If you are going to petition a line of credit, good planning is essential if you want to receive the desired response.
To help you in this regard, this article will give you some pointers as to what determines a positive or negative response to an application for a line of credit.
There are several principal factors to be aware of.
For instance, when you apply for a line of credit, underwriters will examine every credit account you have that is active at present.
This shows up on your credit report along with the amount of your required monthly payments.
This helps them to determine your debt to income ratio.
Although your housing expenses may not be part of your credit report, they are still of great interest to the underwriters.
Although there is no set rule as to a good debt to income ratio, it is commonly recognized that it shouldn't surpass forty percent of your earnings.
It is also important to be have a good credit score.
If your score surpasses 700, most would deem that to be a respectable score.
Your credit score will be harmed by any credit card debts that surpass 50% of you credit limit.
It will also be negatively influenced by any other financial troubles, such as insolvency or repossessions, that appear on your credit report.
The length of time you have inhabited your current home and worked at your current employment are important factors as well as they help to establish stability.
Although not as important as your credit history or capacity to pay back, stability is still very important.
You are more like to receive a line of credit as your credit risk is thus decreased.
These pointers will help you to understand how a request for a line of credit is analyzed.
To help you in this regard, this article will give you some pointers as to what determines a positive or negative response to an application for a line of credit.
There are several principal factors to be aware of.
For instance, when you apply for a line of credit, underwriters will examine every credit account you have that is active at present.
This shows up on your credit report along with the amount of your required monthly payments.
This helps them to determine your debt to income ratio.
Although your housing expenses may not be part of your credit report, they are still of great interest to the underwriters.
Although there is no set rule as to a good debt to income ratio, it is commonly recognized that it shouldn't surpass forty percent of your earnings.

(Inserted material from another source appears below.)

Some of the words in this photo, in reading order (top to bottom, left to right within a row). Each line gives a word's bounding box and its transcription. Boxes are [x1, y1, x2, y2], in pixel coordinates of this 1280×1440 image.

It is also important to be have a good credit score.
If your score surpasses 700, most would deem that to be a respectable score.

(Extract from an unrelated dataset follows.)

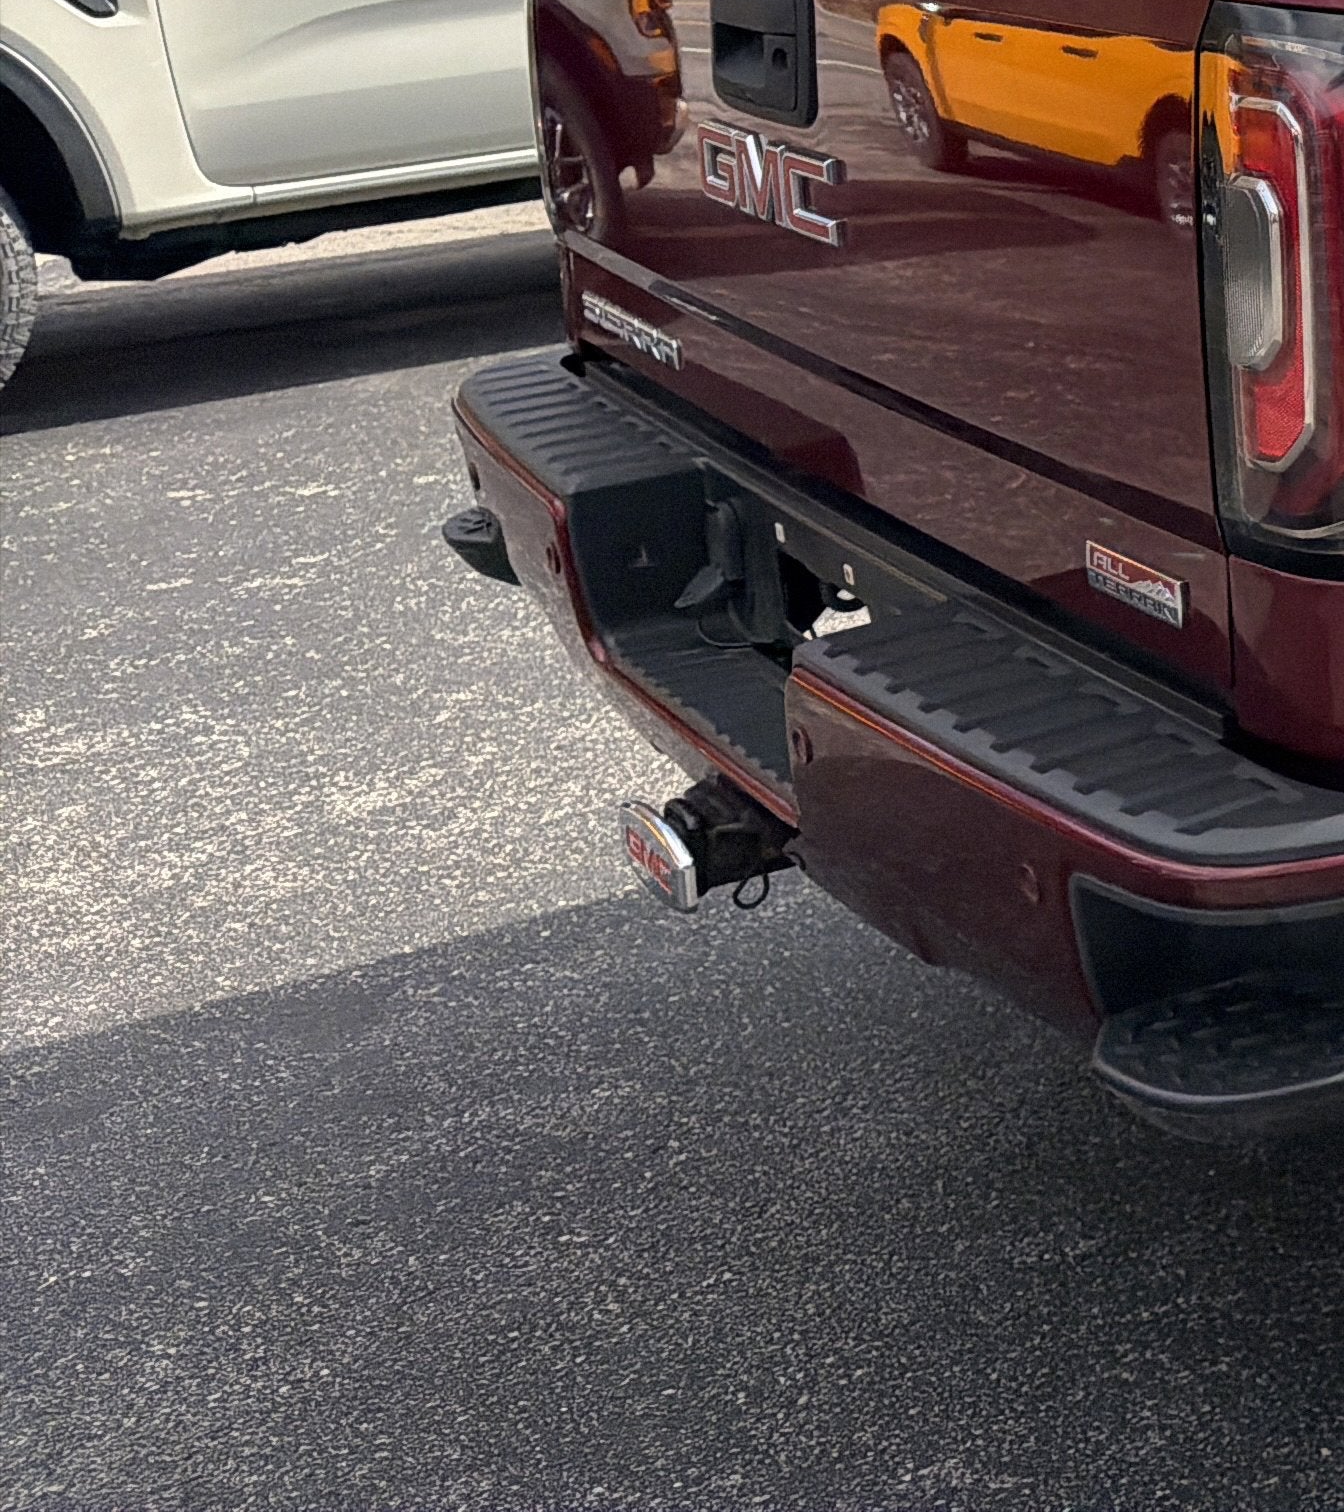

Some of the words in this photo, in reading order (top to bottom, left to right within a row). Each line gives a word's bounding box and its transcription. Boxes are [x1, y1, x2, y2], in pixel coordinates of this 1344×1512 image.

Your credit score will be harmed by any credit card debts that surpass 50% of you credit limit.
It will also be negatively influenced by any other financial troubles, such as insolvency or repossessions, that appear on your credit report.
The length of time you have inhabited your current home and worked at your current employment are important factors as well as they help to establish stability.
Although not as important as your credit history or capacity to pay back, stability is still very important.
You are more like to receive a line of credit as your credit risk is thus decreased.
These pointers will help you to understand how a request for a line of credit is analyzed.